───── DATA TO USE

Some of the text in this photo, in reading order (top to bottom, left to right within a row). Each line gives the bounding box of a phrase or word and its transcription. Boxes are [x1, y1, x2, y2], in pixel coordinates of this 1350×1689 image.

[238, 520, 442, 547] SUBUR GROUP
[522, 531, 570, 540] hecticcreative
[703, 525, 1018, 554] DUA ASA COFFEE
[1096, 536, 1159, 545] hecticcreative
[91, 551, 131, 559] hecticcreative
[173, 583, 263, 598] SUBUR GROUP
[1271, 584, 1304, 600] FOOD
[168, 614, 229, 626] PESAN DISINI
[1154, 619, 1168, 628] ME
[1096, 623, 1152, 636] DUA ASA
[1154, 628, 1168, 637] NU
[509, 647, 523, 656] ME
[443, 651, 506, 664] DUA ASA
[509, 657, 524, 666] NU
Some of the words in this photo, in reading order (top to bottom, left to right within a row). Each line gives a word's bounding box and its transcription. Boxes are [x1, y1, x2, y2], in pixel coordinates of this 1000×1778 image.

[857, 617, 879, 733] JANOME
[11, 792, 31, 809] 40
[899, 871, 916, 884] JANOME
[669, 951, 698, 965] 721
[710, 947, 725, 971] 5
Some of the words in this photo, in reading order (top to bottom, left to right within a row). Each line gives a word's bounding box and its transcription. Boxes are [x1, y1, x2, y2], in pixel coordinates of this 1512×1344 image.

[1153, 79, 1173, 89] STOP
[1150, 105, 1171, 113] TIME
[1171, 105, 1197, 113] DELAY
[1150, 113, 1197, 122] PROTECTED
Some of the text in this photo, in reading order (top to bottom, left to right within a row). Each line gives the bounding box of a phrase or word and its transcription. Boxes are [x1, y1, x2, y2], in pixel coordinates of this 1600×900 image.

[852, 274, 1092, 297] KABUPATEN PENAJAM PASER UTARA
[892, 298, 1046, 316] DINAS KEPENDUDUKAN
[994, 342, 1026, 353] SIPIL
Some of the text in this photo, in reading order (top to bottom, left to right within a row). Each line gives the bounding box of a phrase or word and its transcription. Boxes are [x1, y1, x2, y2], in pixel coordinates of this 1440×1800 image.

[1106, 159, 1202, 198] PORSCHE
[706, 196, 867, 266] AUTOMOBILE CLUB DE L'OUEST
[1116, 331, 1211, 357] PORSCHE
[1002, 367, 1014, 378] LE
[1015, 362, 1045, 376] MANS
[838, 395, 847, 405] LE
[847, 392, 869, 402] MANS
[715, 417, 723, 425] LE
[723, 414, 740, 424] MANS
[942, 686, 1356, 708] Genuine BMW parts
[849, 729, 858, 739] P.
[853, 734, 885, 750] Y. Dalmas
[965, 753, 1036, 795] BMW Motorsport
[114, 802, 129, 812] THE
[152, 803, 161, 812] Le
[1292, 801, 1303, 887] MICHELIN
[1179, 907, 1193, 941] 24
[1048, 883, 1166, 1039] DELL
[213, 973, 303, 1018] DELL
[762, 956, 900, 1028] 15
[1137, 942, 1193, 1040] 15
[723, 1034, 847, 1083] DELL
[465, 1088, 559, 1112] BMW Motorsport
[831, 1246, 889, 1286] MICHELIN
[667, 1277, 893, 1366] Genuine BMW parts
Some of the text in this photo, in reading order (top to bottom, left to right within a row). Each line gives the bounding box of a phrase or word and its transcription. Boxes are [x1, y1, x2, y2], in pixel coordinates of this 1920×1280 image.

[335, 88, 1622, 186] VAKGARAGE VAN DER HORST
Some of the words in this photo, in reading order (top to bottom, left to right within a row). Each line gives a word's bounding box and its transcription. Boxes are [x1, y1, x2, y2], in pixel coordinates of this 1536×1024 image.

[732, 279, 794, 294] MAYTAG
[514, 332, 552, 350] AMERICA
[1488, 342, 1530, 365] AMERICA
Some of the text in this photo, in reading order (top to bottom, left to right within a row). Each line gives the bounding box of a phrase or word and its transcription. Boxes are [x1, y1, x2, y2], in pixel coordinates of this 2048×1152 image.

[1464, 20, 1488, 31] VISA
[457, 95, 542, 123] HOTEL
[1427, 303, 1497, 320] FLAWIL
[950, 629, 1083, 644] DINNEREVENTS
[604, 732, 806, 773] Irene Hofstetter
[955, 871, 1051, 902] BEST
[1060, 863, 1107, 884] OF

──────────

- [YOUR OBJECTIVE]: Copy all records verbatim.

- [OUTPUT]:
Some of the text in this photo, in reading order (top to bottom, left to right within a row). Each line gives the bounding box of a phrase or word and its transcription. Boxes are [x1, y1, x2, y2], in pixel coordinates of this 1350×1689 image.

[238, 520, 442, 547] SUBUR GROUP
[522, 531, 570, 540] hecticcreative
[703, 525, 1018, 554] DUA ASA COFFEE
[1096, 536, 1159, 545] hecticcreative
[91, 551, 131, 559] hecticcreative
[173, 583, 263, 598] SUBUR GROUP
[1271, 584, 1304, 600] FOOD
[168, 614, 229, 626] PESAN DISINI
[1154, 619, 1168, 628] ME
[1096, 623, 1152, 636] DUA ASA
[1154, 628, 1168, 637] NU
[509, 647, 523, 656] ME
[443, 651, 506, 664] DUA ASA
[509, 657, 524, 666] NU
Some of the words in this photo, in reading order (top to bottom, left to right within a row). Each line gives a word's bounding box and its transcription. Boxes are [x1, y1, x2, y2], in pixel coordinates of this 1000×1778 image.

[857, 617, 879, 733] JANOME
[11, 792, 31, 809] 40
[899, 871, 916, 884] JANOME
[669, 951, 698, 965] 721
[710, 947, 725, 971] 5
Some of the words in this photo, in reading order (top to bottom, left to right within a row). Each line gives a word's bounding box and its transcription. Boxes are [x1, y1, x2, y2], in pixel coordinates of this 1512×1344 image.

[1153, 79, 1173, 89] STOP
[1150, 105, 1171, 113] TIME
[1171, 105, 1197, 113] DELAY
[1150, 113, 1197, 122] PROTECTED
Some of the text in this photo, in reading order (top to bottom, left to right within a row). Each line gives the bounding box of a phrase or word and its transcription. Boxes are [x1, y1, x2, y2], in pixel coordinates of this 1600×900 image.

[852, 274, 1092, 297] KABUPATEN PENAJAM PASER UTARA
[892, 298, 1046, 316] DINAS KEPENDUDUKAN
[994, 342, 1026, 353] SIPIL
Some of the text in this photo, in reading order (top to bottom, left to right within a row). Each line gives the bounding box of a phrase or word and its transcription. Boxes are [x1, y1, x2, y2], in pixel coordinates of this 1440×1800 image.

[1106, 159, 1202, 198] PORSCHE
[706, 196, 867, 266] AUTOMOBILE CLUB DE L'OUEST
[1116, 331, 1211, 357] PORSCHE
[1002, 367, 1014, 378] LE
[1015, 362, 1045, 376] MANS
[838, 395, 847, 405] LE
[847, 392, 869, 402] MANS
[715, 417, 723, 425] LE
[723, 414, 740, 424] MANS
[942, 686, 1356, 708] Genuine BMW parts
[849, 729, 858, 739] P.
[853, 734, 885, 750] Y. Dalmas
[965, 753, 1036, 795] BMW Motorsport
[114, 802, 129, 812] THE
[152, 803, 161, 812] Le
[1292, 801, 1303, 887] MICHELIN
[1179, 907, 1193, 941] 24
[1048, 883, 1166, 1039] DELL
[213, 973, 303, 1018] DELL
[762, 956, 900, 1028] 15
[1137, 942, 1193, 1040] 15
[723, 1034, 847, 1083] DELL
[465, 1088, 559, 1112] BMW Motorsport
[831, 1246, 889, 1286] MICHELIN
[667, 1277, 893, 1366] Genuine BMW parts
Some of the text in this photo, in reading order (top to bottom, left to right within a row). Each line gives the bounding box of a phrase or word and its transcription. Boxes are [x1, y1, x2, y2], in pixel coordinates of this 1920×1280 image.

[335, 88, 1622, 186] VAKGARAGE VAN DER HORST
Some of the words in this photo, in reading order (top to bottom, left to right within a row). Each line gives a word's bounding box and its transcription. Boxes are [x1, y1, x2, y2], in pixel coordinates of this 1536×1024 image.

[732, 279, 794, 294] MAYTAG
[514, 332, 552, 350] AMERICA
[1488, 342, 1530, 365] AMERICA
Some of the text in this photo, in reading order (top to bottom, left to right within a row). Each line gives the bounding box of a phrase or word and its transcription. Boxes are [x1, y1, x2, y2], in pixel coordinates of this 2048×1152 image.

[1464, 20, 1488, 31] VISA
[457, 95, 542, 123] HOTEL
[1427, 303, 1497, 320] FLAWIL
[950, 629, 1083, 644] DINNEREVENTS
[604, 732, 806, 773] Irene Hofstetter
[955, 871, 1051, 902] BEST
[1060, 863, 1107, 884] OF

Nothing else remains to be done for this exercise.